In chapter two, Felski takes up another bugbear of ideologically minded criticism: enchantment. She begins with a brilliant juxtaposition of, again, meta-scenes of aesthetic engagement: literary critic Joseph Boone’s rapturous close reading of modernist novels and actress Mia Farrow’s face as she watches the movies in The Purple Rose of Cairo. Alternating between the scenes reveals just how spurious is the distinction between the “fastidious attention to the luminous aesthetic detail” in close reading and the “all-embracing sense of being swept up into another world” in filmgoing. Both, after all, involve “total absorption in a text, intense and enigmatic pleasure,” that “confounds our deeply held beliefs about the rationality and autonomy of persons.” Felski draws attention throughout this chapter to the anachronistic feel of enchantment, which seems to lead us right back to primitive, childish, or nostalgic ways of experiencing art. But this rejection of enchantment — as old as Plato’s casting the poets out of the Republic — is often attended by various forms of snootiness: classism, iconophobia, and sexism. Deconstruction and cultural studies both evince a condescension toward feminine, “low” artifacts of enchantment. Felski recovers its uses in an anime film, Miyazaki’s Spirited Away; Manuel Puig’s play, Kiss of the Spider Woman; Charles Bernstein’s poem/essay “Artifice of Absorption”; and several works of criticism including J. Hillis Miller’s On Literature, and D.A. Miller’s Jane Austen, or The Secret of Style. Each of these texts presents the necessarily dual nature of “modern enchantment,” an awareness of the bounds of time and mediation around the enchanted moment. As Felski paraphrases Michael Saler, the contemporary “ironic imagination” entails “a pleasure in enchanted worlds that acknowledges the imaginary nature of such worlds.” This duality allows us to consider enchantment’s absorptive, somatic effects without acceding entirely to its ideological sway.
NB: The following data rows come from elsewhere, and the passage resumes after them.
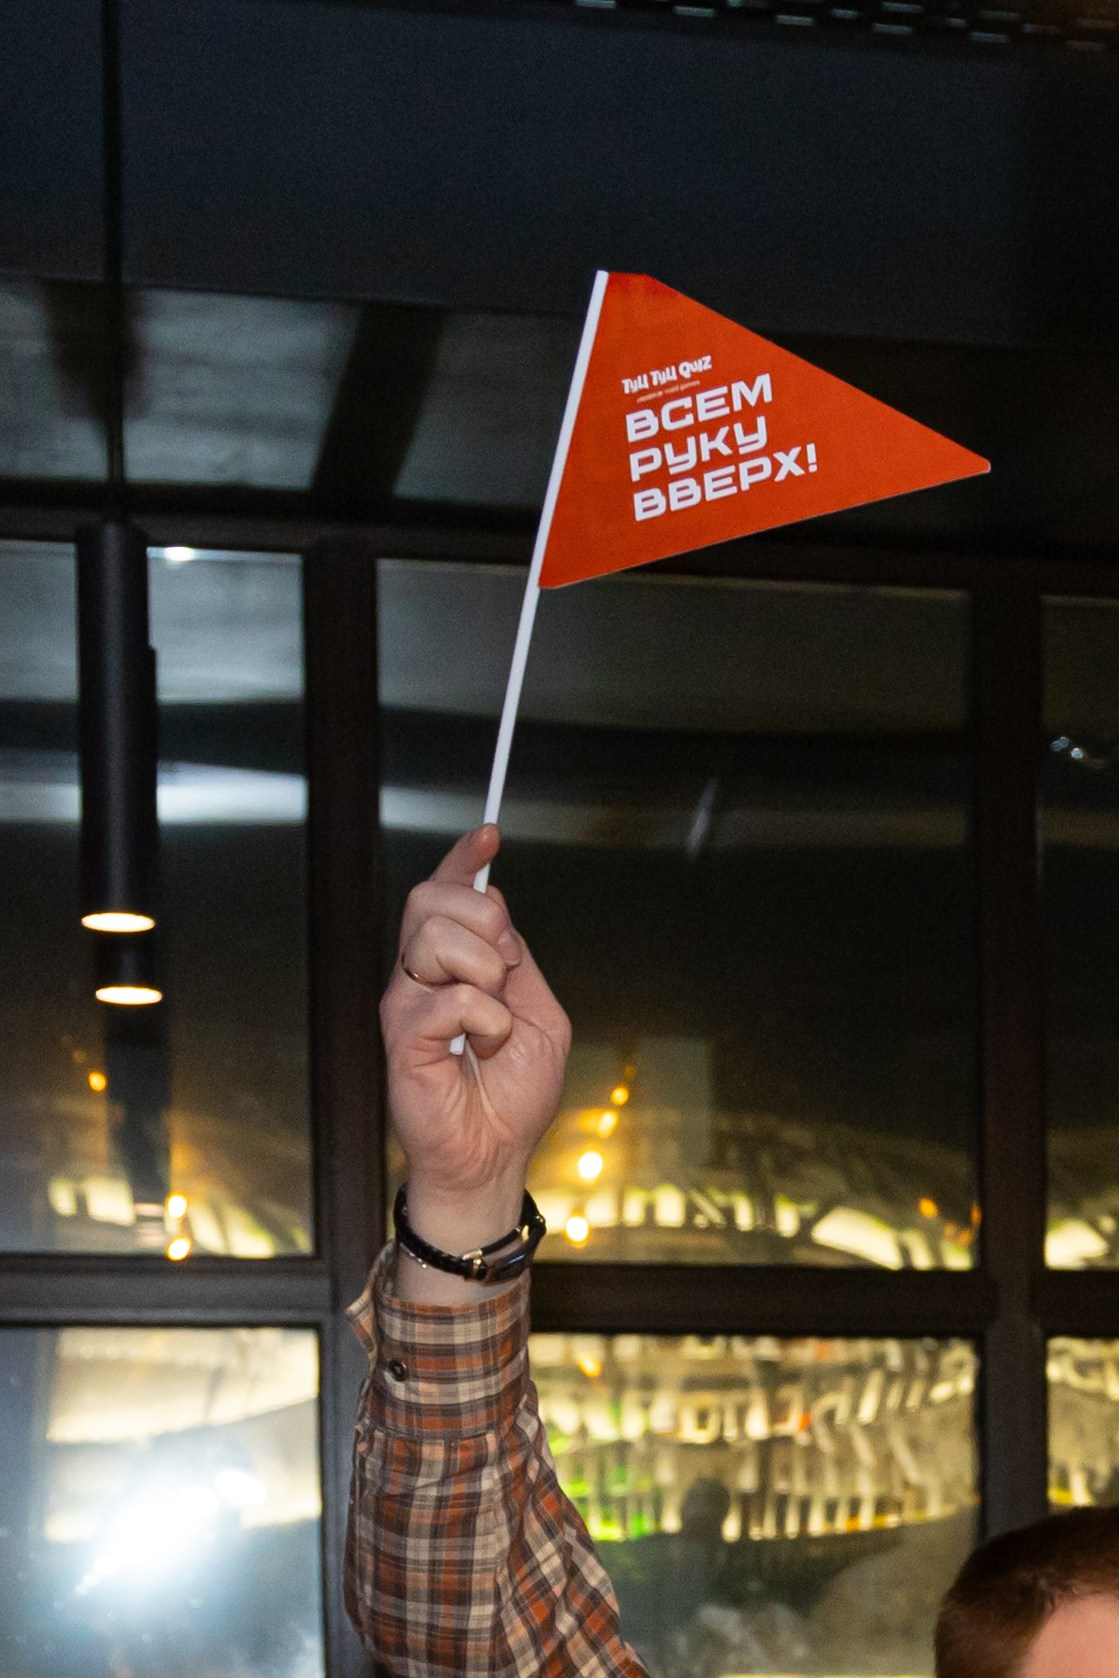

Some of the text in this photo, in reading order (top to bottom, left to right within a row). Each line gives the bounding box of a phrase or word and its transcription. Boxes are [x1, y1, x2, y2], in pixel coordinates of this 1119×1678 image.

[625, 373, 773, 443] ВСЕМ
[629, 415, 767, 482] РУКУ
[633, 442, 818, 522] ВВЕРХ!
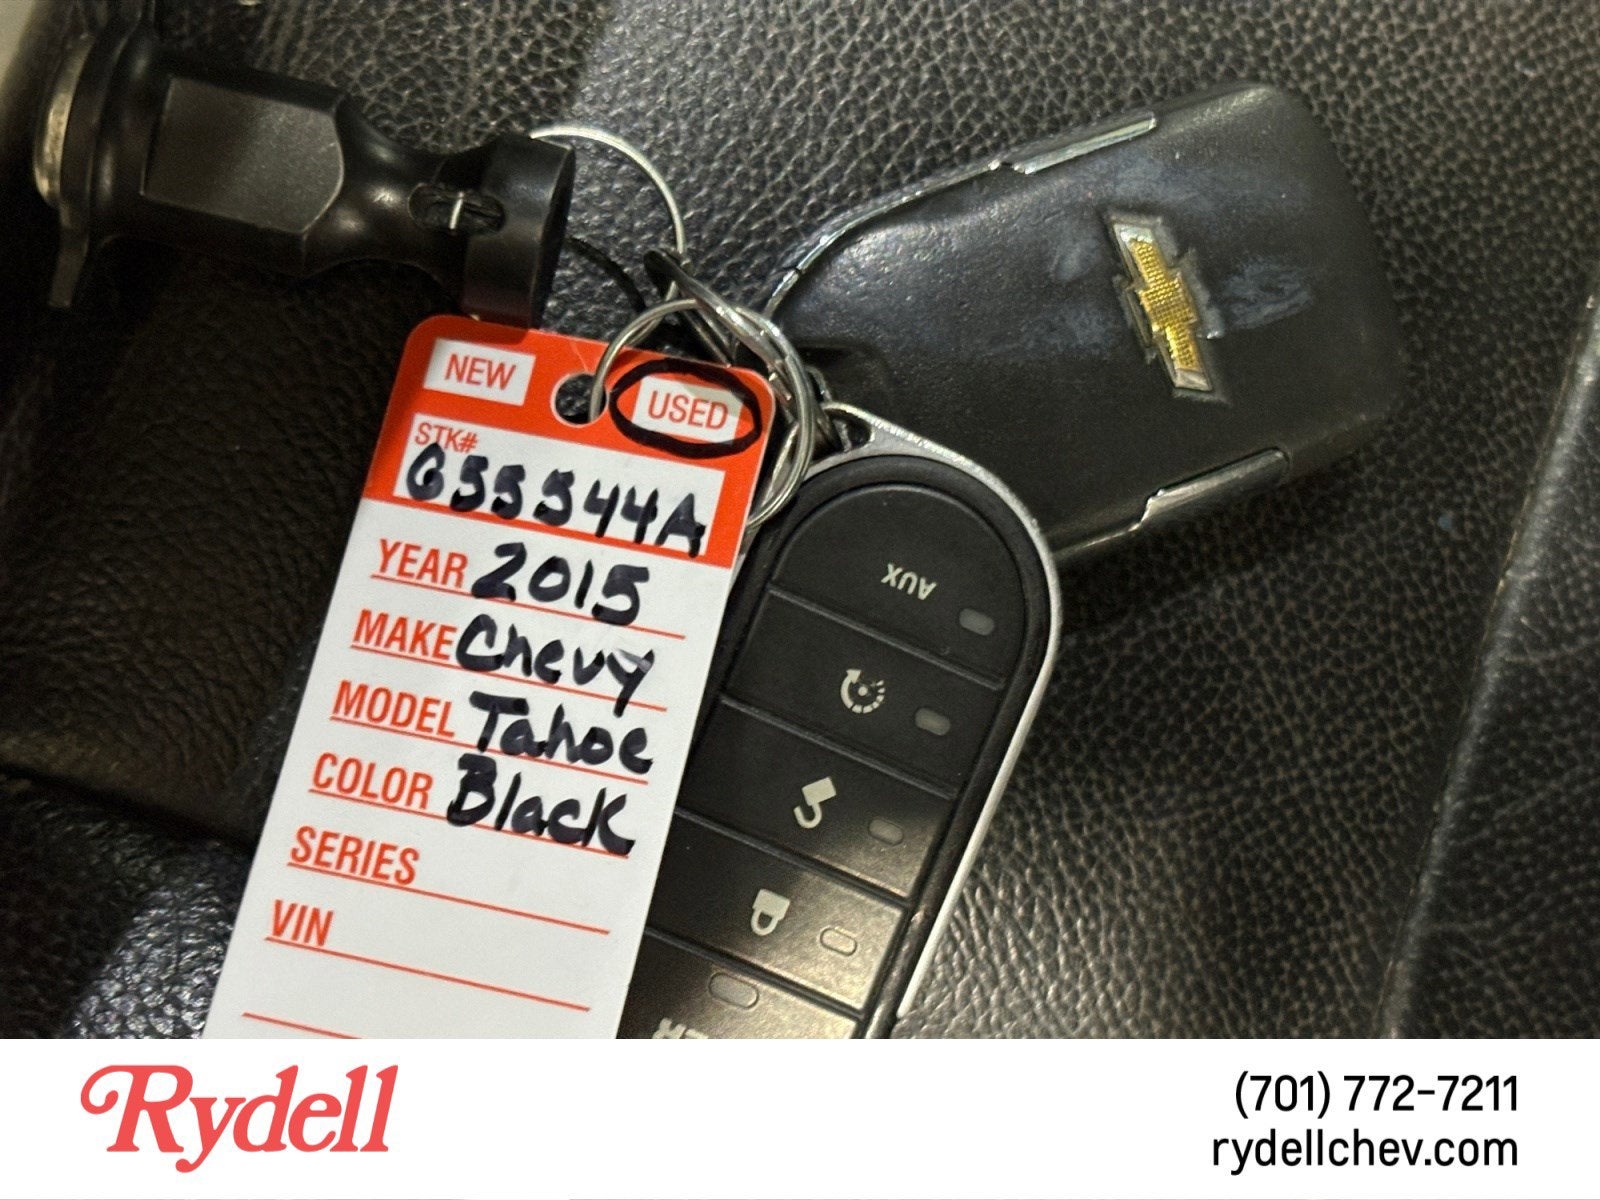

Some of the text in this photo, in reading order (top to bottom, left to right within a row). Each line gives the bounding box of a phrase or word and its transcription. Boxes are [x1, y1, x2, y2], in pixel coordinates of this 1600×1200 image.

[445, 353, 517, 390] NEW
[415, 422, 477, 453] STK#
[648, 391, 728, 431] USED
[380, 540, 468, 588] YEAR
[471, 542, 649, 625] 2015
[881, 563, 937, 600] AUX
[352, 609, 457, 660] MAKE
[456, 614, 655, 718] Chevy
[332, 680, 455, 738] MODEL
[469, 691, 653, 774] Tahoe
[312, 752, 433, 809] COLOR
[447, 753, 636, 856] Black
[290, 826, 419, 885] SERIES
[272, 900, 334, 947] VIN
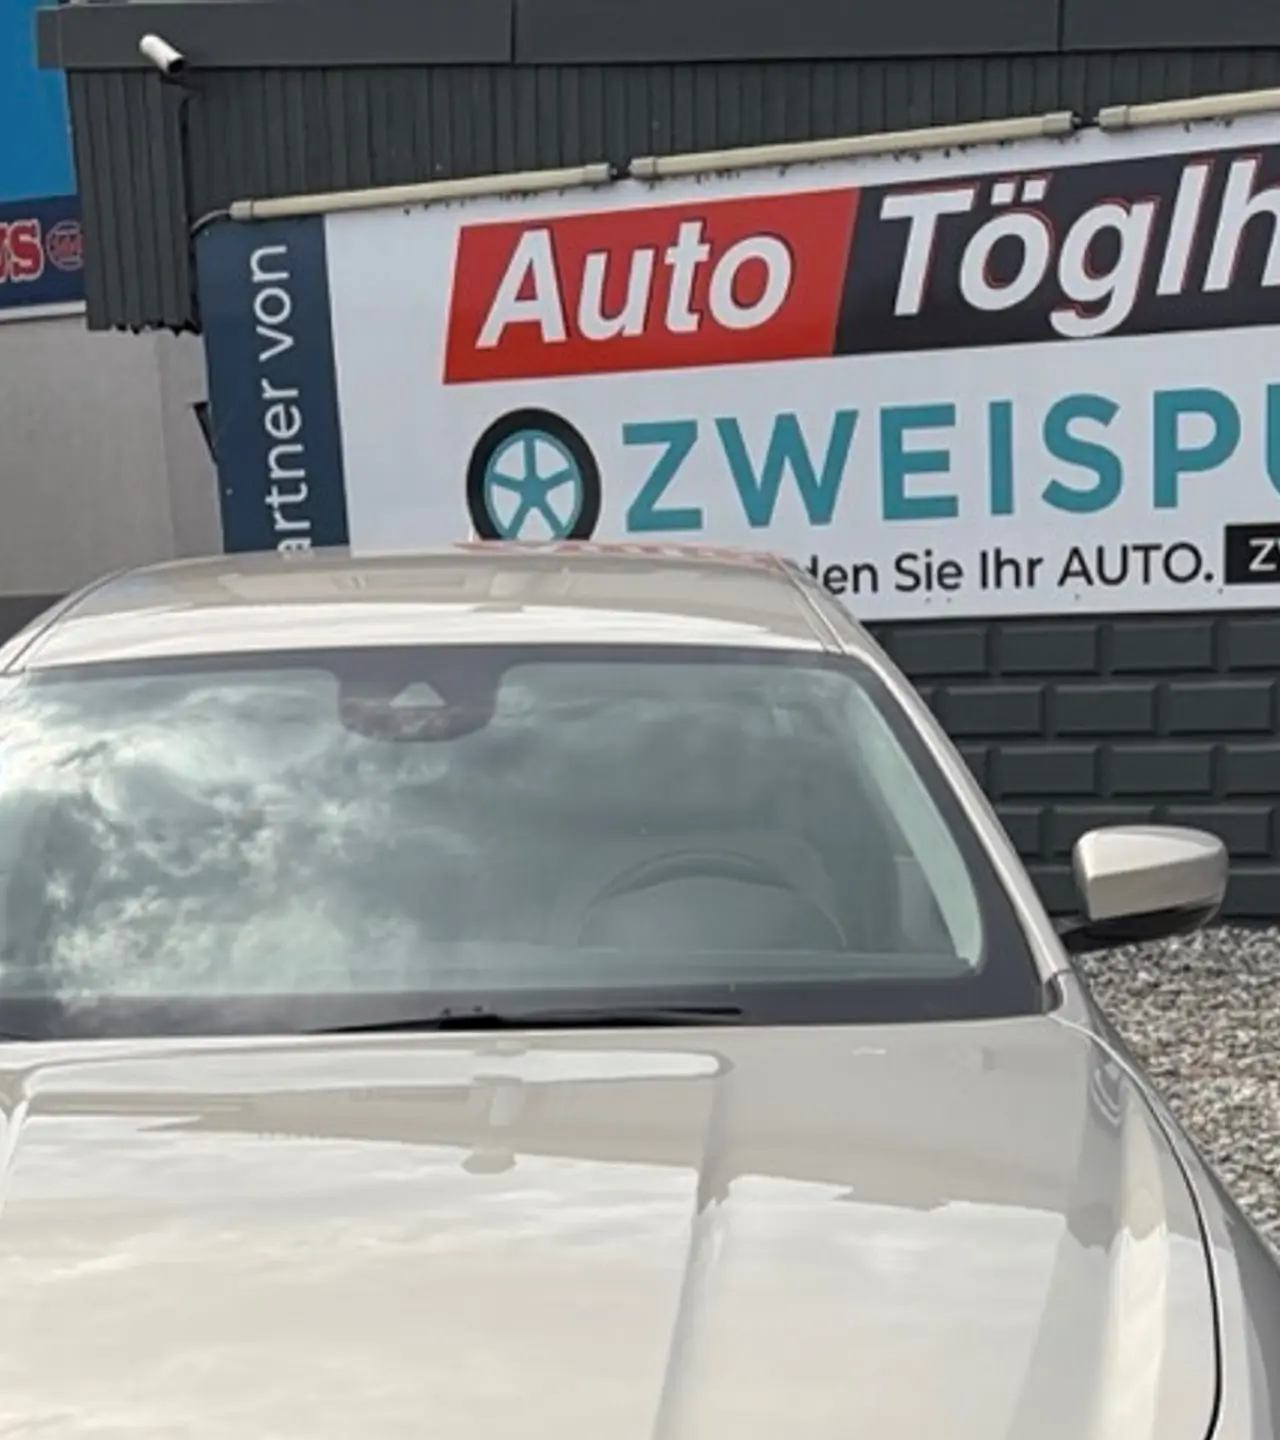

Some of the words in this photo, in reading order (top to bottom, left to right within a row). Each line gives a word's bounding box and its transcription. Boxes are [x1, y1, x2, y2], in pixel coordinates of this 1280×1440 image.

[249, 244, 294, 360] von
[475, 220, 795, 350] Auto
[894, 548, 963, 593] Sie
[978, 550, 1045, 588] Ihr
[1057, 540, 1215, 585] AUTO.
Chapter three offers a strenuous critique of the bad faith that characterizes literary criticism’s tendency to dismiss literary knowledge. Criticism, Felski points out, relies on the very same truth claims it critiques in so-called naïve readings of literature. It also often treats mimesis as a straw man, ignoring its complexity or holding it to impossible standards of utter fidelity and comprehensiveness in representing the world. While criticism does take literary knowledge into account, it too often relegates it to a set of symptoms; in this model, the text does not know what it knows — it unwittingly enacts or displays the deep structure of ideology lurking beneath its surface. Felski argues that these critical moves avoid key aspects of mimesis: its inextricability from genre, which enables its most transparent effects; its inextricability from artifice, which is precisely what grants literature a heightened and often unprecedented access to experiential truths; its ineluctable mediation, which in fact does mirror the ineluctable mediation of experience itself; and its capacity to refer beyond itself, if not necessarily to the real world. Felski relies heavily in this chapter on Paul Ricoeur’s notion of mimesis as metaphor (rather than as reflection), and takes up his description of how the world is prefigured by discourse, and how the literary text then configures this material, and thereby transfigures the reader. Felski articulates the phenomenological knowledge that literature makes available through three mimetic devices. She unfolds the intersubjectivity — the mind reading — that renders Edith Wharton’s House of Mirth a “social phenomenology.” Tom Winton’s Australian novel Cloudstreet exemplifies the ventriloquy literature affords, while honing the political edge to a well-worn critical celebration of heteroglossia. And Pablo Neruda’s Residence poems allow Felski access to literature’s material knowledge, the wondrous attention to objects that opens up a tactile, textural, yet textual phenomenology of everyday things.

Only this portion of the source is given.